◆ Dataset extract:
Segment Open

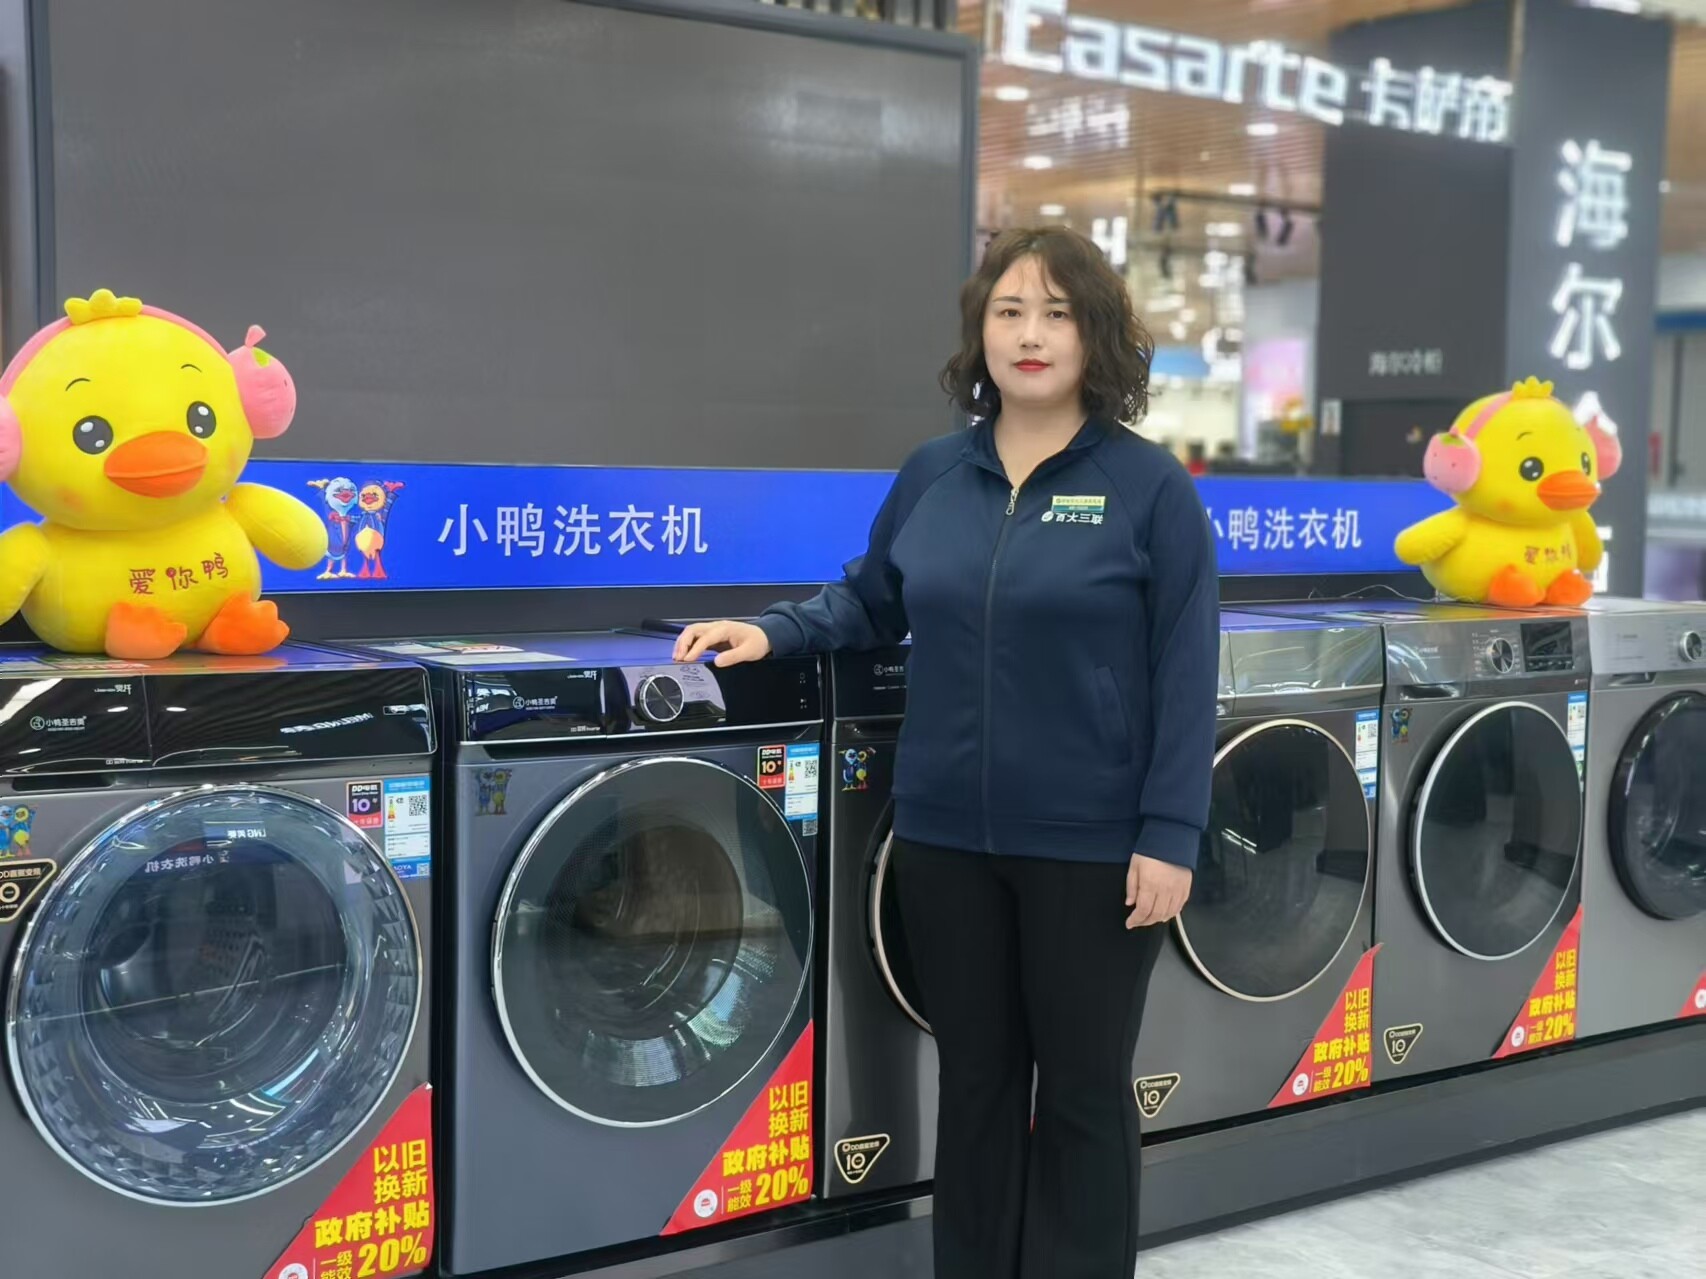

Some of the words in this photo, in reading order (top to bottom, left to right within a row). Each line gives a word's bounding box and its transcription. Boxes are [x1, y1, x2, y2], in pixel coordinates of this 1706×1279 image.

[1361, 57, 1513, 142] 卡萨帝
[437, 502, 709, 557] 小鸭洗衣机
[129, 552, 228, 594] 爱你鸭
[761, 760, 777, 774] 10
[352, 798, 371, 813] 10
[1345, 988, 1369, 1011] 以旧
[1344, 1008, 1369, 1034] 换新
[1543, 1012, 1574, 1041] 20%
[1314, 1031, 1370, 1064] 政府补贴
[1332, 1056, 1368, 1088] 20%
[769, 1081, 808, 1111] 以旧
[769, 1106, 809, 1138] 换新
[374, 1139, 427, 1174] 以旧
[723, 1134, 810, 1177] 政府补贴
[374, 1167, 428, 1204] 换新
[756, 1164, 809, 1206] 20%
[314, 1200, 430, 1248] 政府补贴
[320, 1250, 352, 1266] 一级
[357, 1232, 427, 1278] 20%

Segment Closed

◆ Task instructions:
Reproduce these records exactly, but not the pictures.

◆ Result of this exercise:
Some of the words in this photo, in reading order (top to bottom, left to right within a row). Each line gives a word's bounding box and its transcription. Boxes are [x1, y1, x2, y2], in pixel coordinates of this 1706×1279 image.

[1361, 57, 1513, 142] 卡萨帝
[437, 502, 709, 557] 小鸭洗衣机
[129, 552, 228, 594] 爱你鸭
[761, 760, 777, 774] 10
[352, 798, 371, 813] 10
[1345, 988, 1369, 1011] 以旧
[1344, 1008, 1369, 1034] 换新
[1543, 1012, 1574, 1041] 20%
[1314, 1031, 1370, 1064] 政府补贴
[1332, 1056, 1368, 1088] 20%
[769, 1081, 808, 1111] 以旧
[769, 1106, 809, 1138] 换新
[374, 1139, 427, 1174] 以旧
[723, 1134, 810, 1177] 政府补贴
[374, 1167, 428, 1204] 换新
[756, 1164, 809, 1206] 20%
[314, 1200, 430, 1248] 政府补贴
[320, 1250, 352, 1266] 一级
[357, 1232, 427, 1278] 20%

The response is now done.